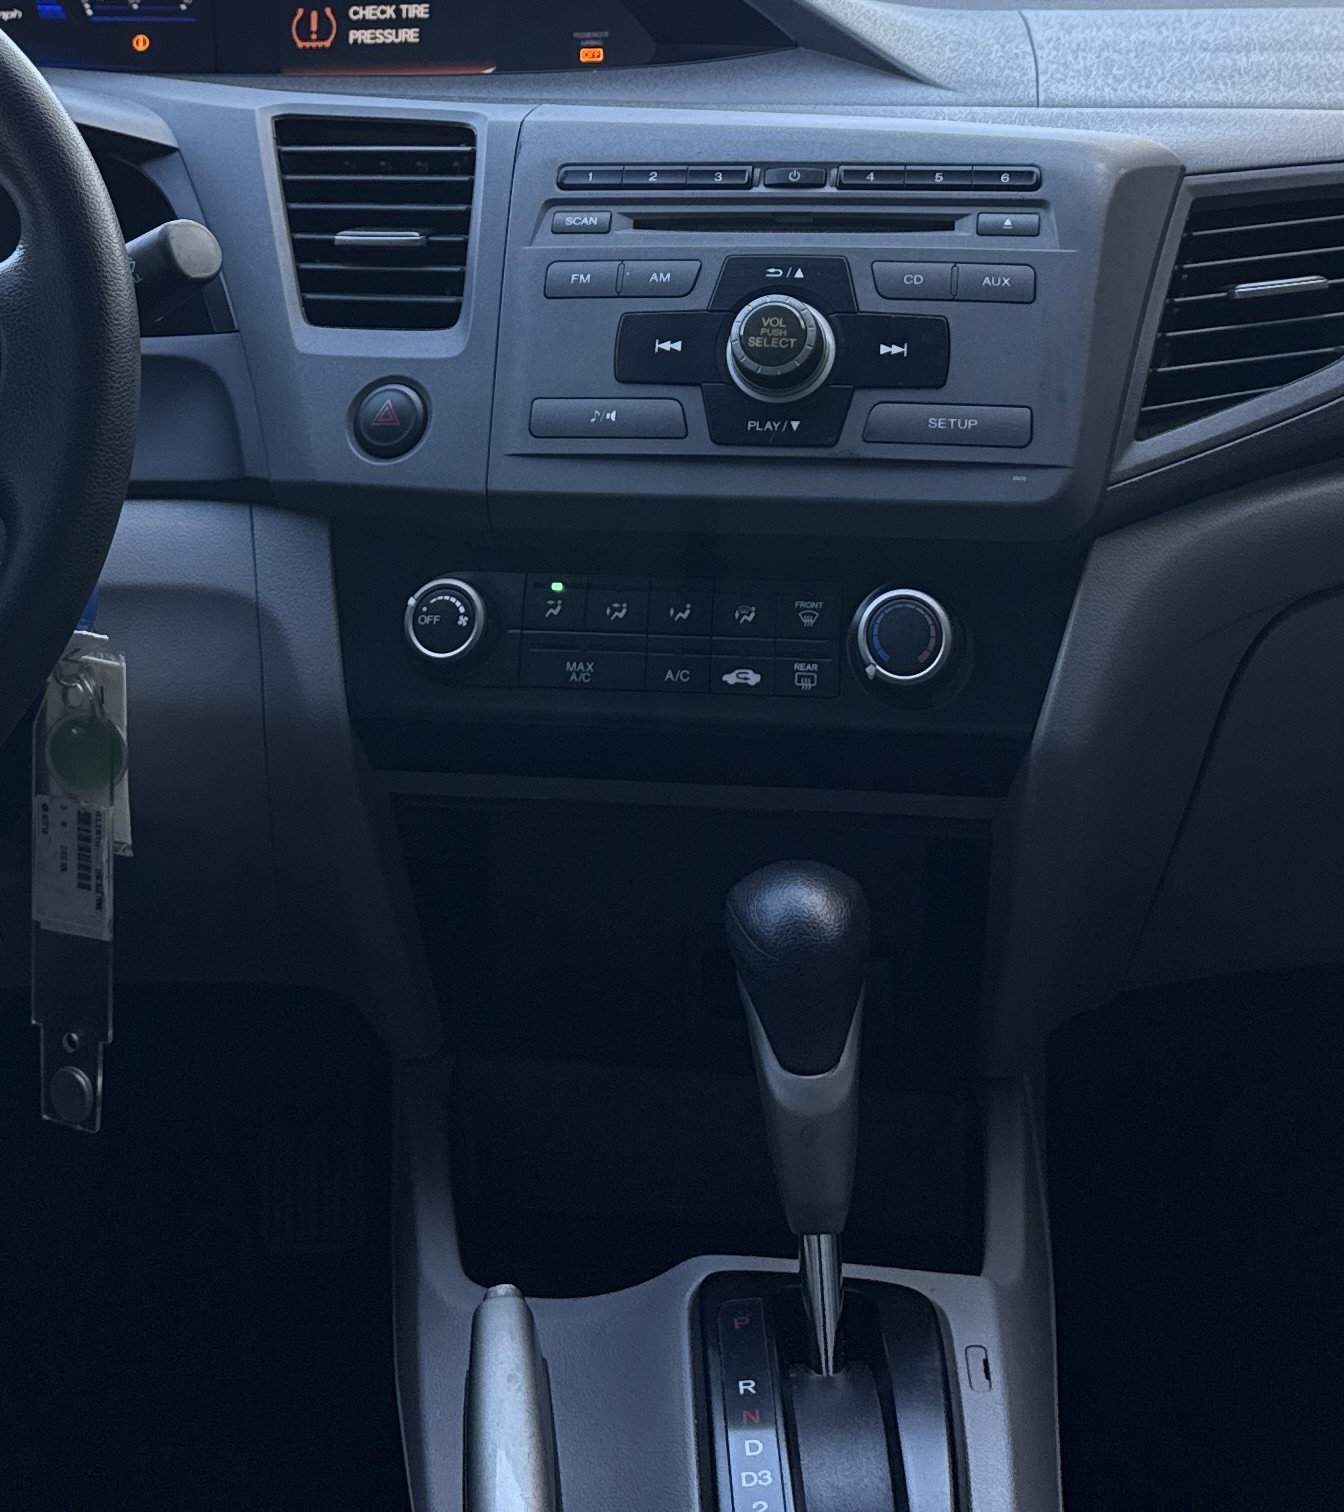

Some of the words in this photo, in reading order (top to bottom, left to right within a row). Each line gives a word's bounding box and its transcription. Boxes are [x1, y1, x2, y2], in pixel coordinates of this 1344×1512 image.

[347, 4, 397, 22] CHECK
[399, 3, 430, 20] TIRE
[347, 27, 421, 45] PRESSURE
[587, 172, 594, 182] 1
[648, 172, 658, 182] 2
[713, 172, 723, 182] 3
[865, 172, 875, 182] 4
[934, 172, 944, 182] 5
[1000, 173, 1010, 183] 6
[564, 215, 598, 227] SCAN
[570, 274, 592, 285] FM
[648, 273, 672, 284] AM
[903, 273, 925, 285] CD
[982, 276, 1012, 287] AUX
[761, 316, 787, 327] VOL
[759, 327, 788, 336] PUSH
[747, 336, 797, 348] SELECT
[927, 417, 979, 430] SETUP
[794, 600, 824, 609] FRONT
[417, 614, 441, 626] OFF
[565, 661, 595, 673] MAX
[793, 662, 819, 672] REAR
[568, 672, 592, 683] A/C
[664, 669, 691, 683] A/C
[733, 1315, 751, 1330] P
[737, 1378, 757, 1396] R
[741, 1408, 760, 1425] N
[743, 1438, 764, 1457] D
[740, 1469, 773, 1489] D3
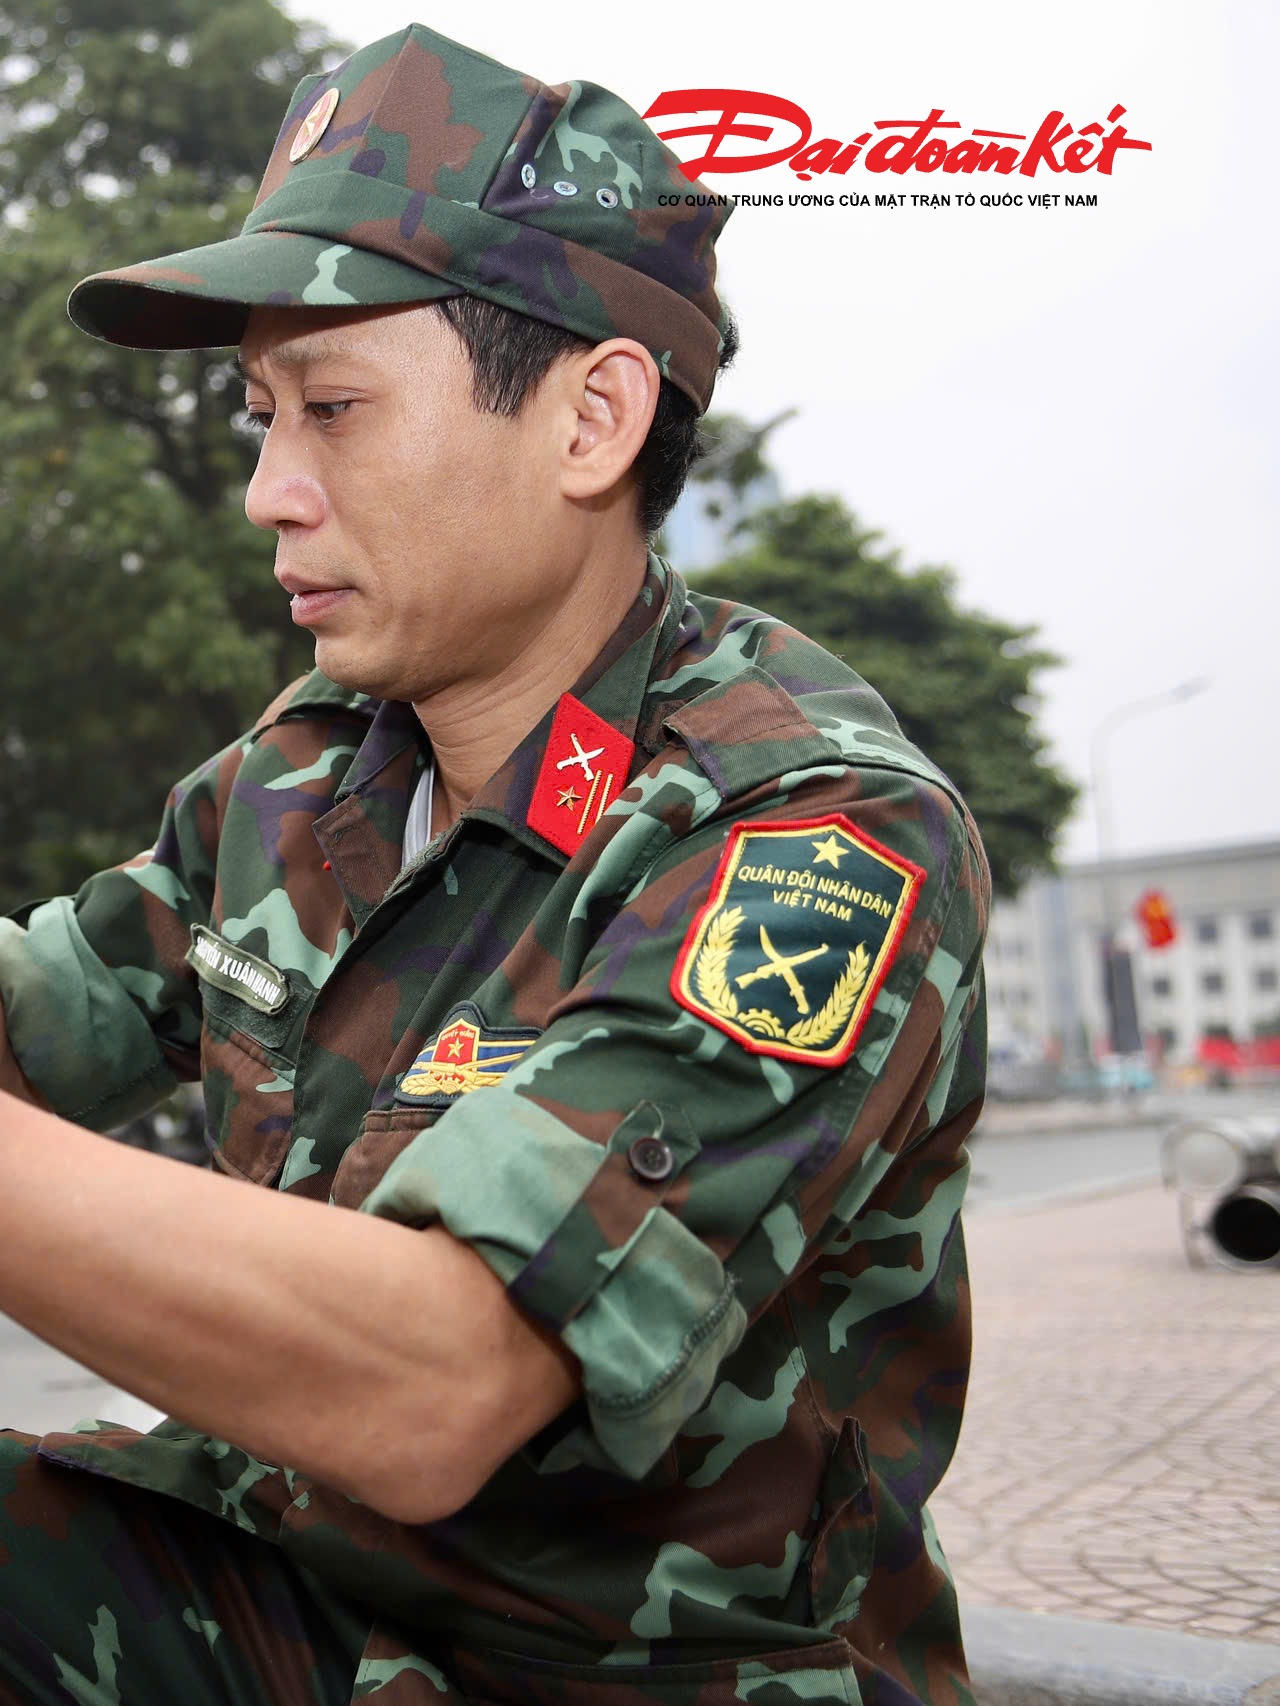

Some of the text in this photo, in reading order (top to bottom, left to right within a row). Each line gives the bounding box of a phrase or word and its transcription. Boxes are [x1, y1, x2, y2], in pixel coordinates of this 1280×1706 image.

[738, 864, 892, 919] QUÂN ĐỘI NHÂN DÂN
[772, 889, 853, 922] VIỆT NAM
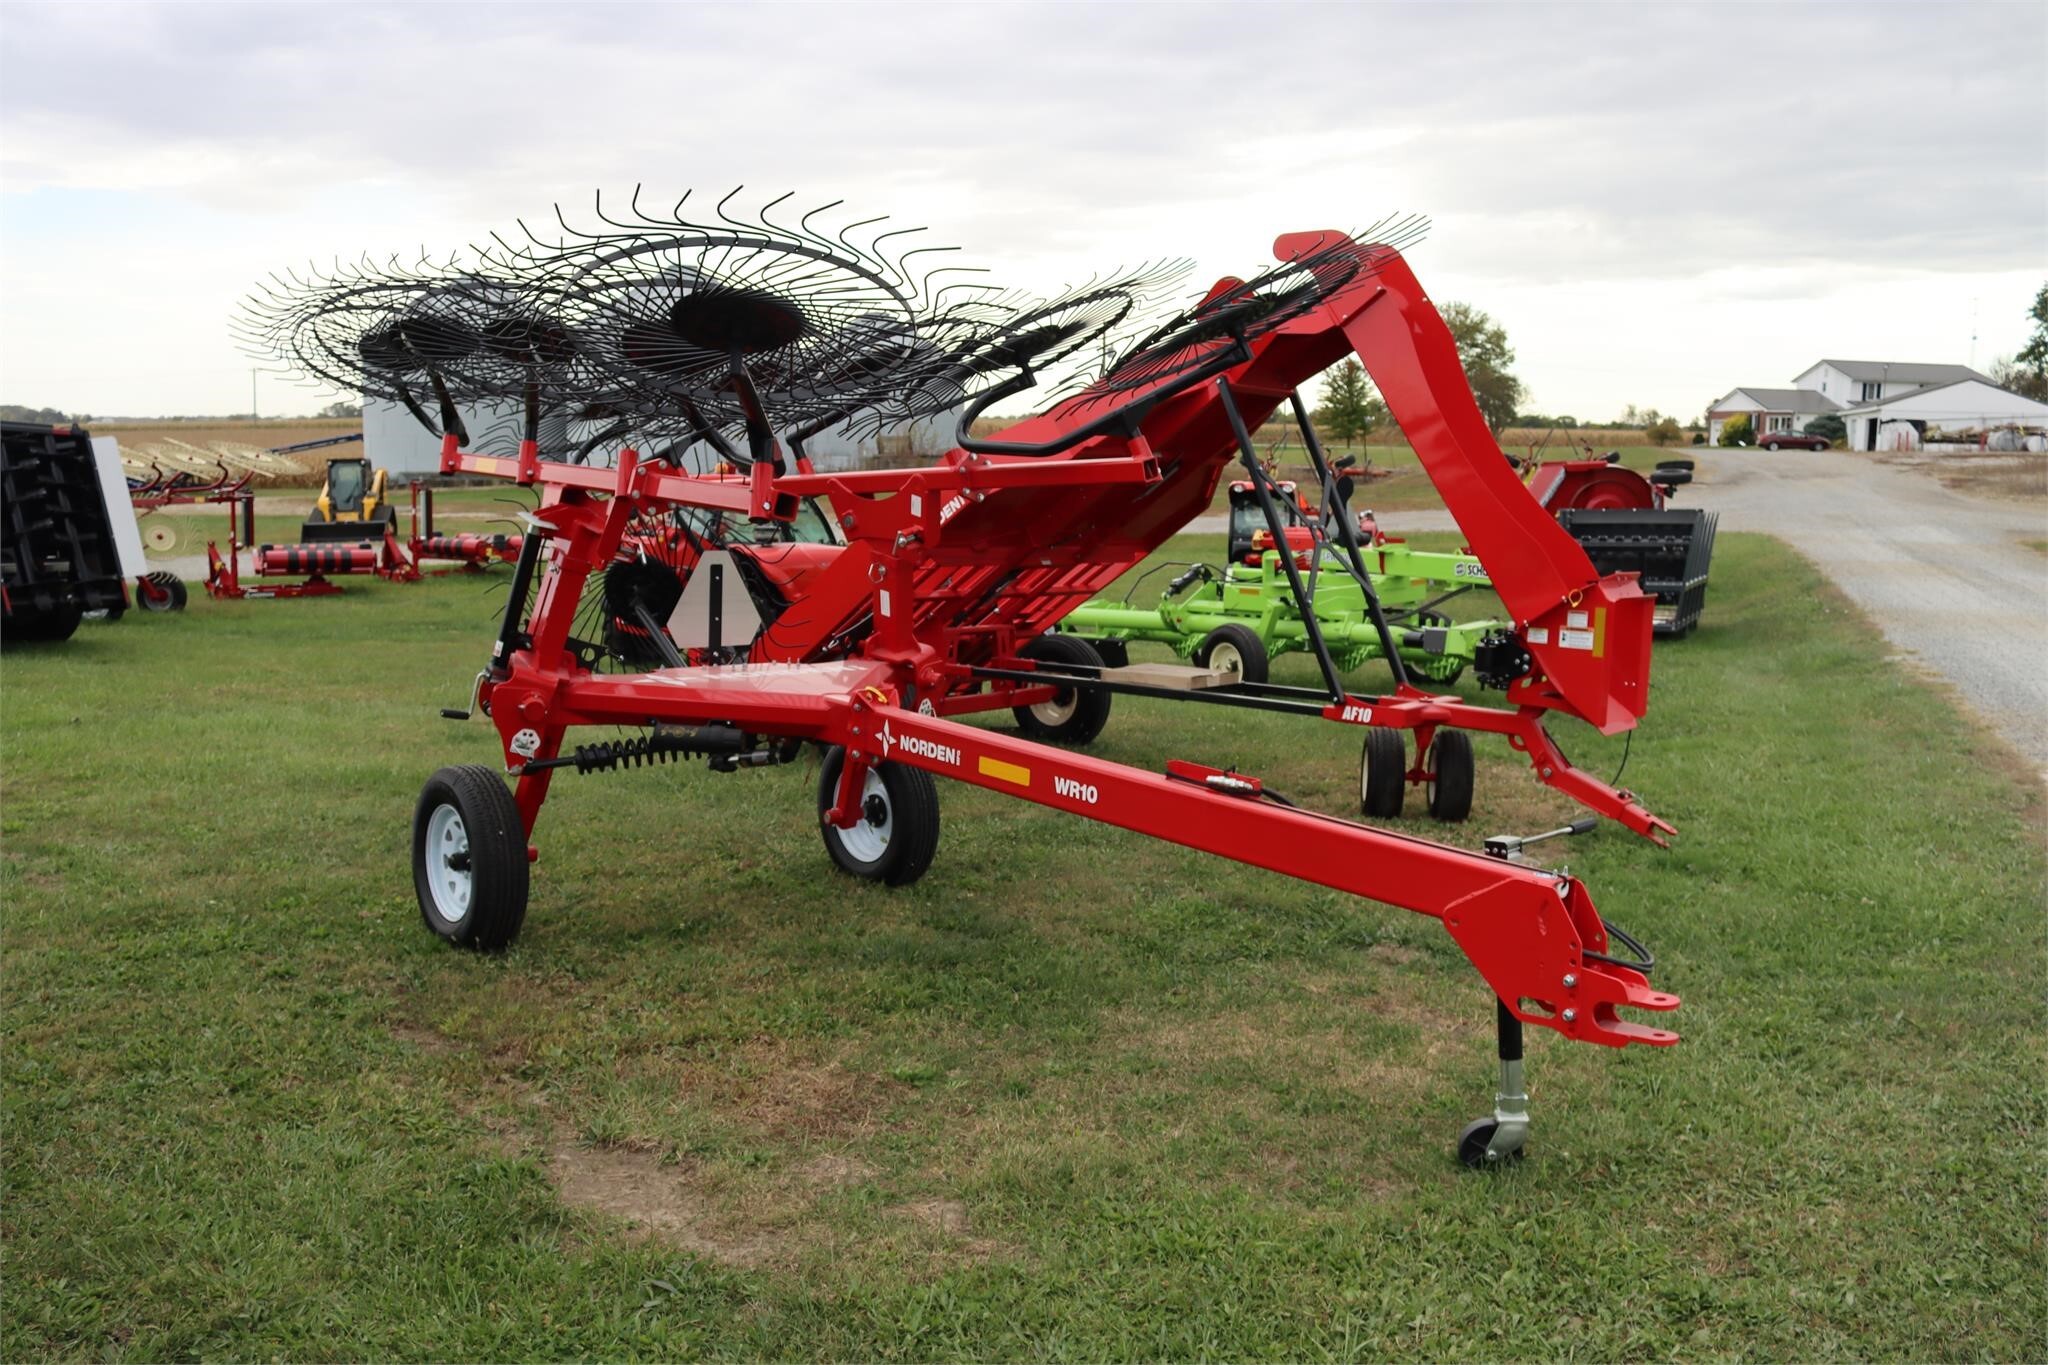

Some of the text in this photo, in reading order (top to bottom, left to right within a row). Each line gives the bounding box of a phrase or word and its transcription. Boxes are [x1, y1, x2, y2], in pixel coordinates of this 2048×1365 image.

• [Goal of the exercise]: Without any of its pictures, the listing is to be repeated exactly as it stands.

• [Solved problem]:
Some of the words in this photo, in reading order (top to bottom, left to right within a row). Each line gives a word's bounding box and its transcription. Boxes are [x1, y1, x2, y2], in pixel coordinates of this 1344×1512 image.

[347, 4, 397, 22] CHECK
[399, 3, 430, 20] TIRE
[347, 27, 421, 45] PRESSURE
[587, 172, 594, 182] 1
[648, 172, 658, 182] 2
[713, 172, 723, 182] 3
[865, 172, 875, 182] 4
[934, 172, 944, 182] 5
[1000, 173, 1010, 183] 6
[564, 215, 598, 227] SCAN
[570, 274, 592, 285] FM
[648, 273, 672, 284] AM
[903, 273, 925, 285] CD
[982, 276, 1012, 287] AUX
[761, 316, 787, 327] VOL
[759, 327, 788, 336] PUSH
[747, 336, 797, 348] SELECT
[927, 417, 979, 430] SETUP
[794, 600, 824, 609] FRONT
[417, 614, 441, 626] OFF
[565, 661, 595, 673] MAX
[793, 662, 819, 672] REAR
[568, 672, 592, 683] A/C
[664, 669, 691, 683] A/C
[733, 1315, 751, 1330] P
[737, 1378, 757, 1396] R
[741, 1408, 760, 1425] N
[743, 1438, 764, 1457] D
[740, 1469, 773, 1489] D3

Some of the text in this photo, in reading order (top to bottom, left to right within a row). Each line gives the bounding box of a phrase or word and its transcription. Boxes are [x1, y1, x2, y2], in pixel coordinates of this 1280×1706 image.

[738, 864, 892, 919] QUÂN ĐỘI NHÂN DÂN
[772, 889, 853, 922] VIỆT NAM

Some of the text in this photo, in reading order (top to bottom, left to right within a row). Each line gives the bounding box of a phrase or word and its transcription. Boxes are [x1, y1, x2, y2], in pixel coordinates of this 2048×1365 image.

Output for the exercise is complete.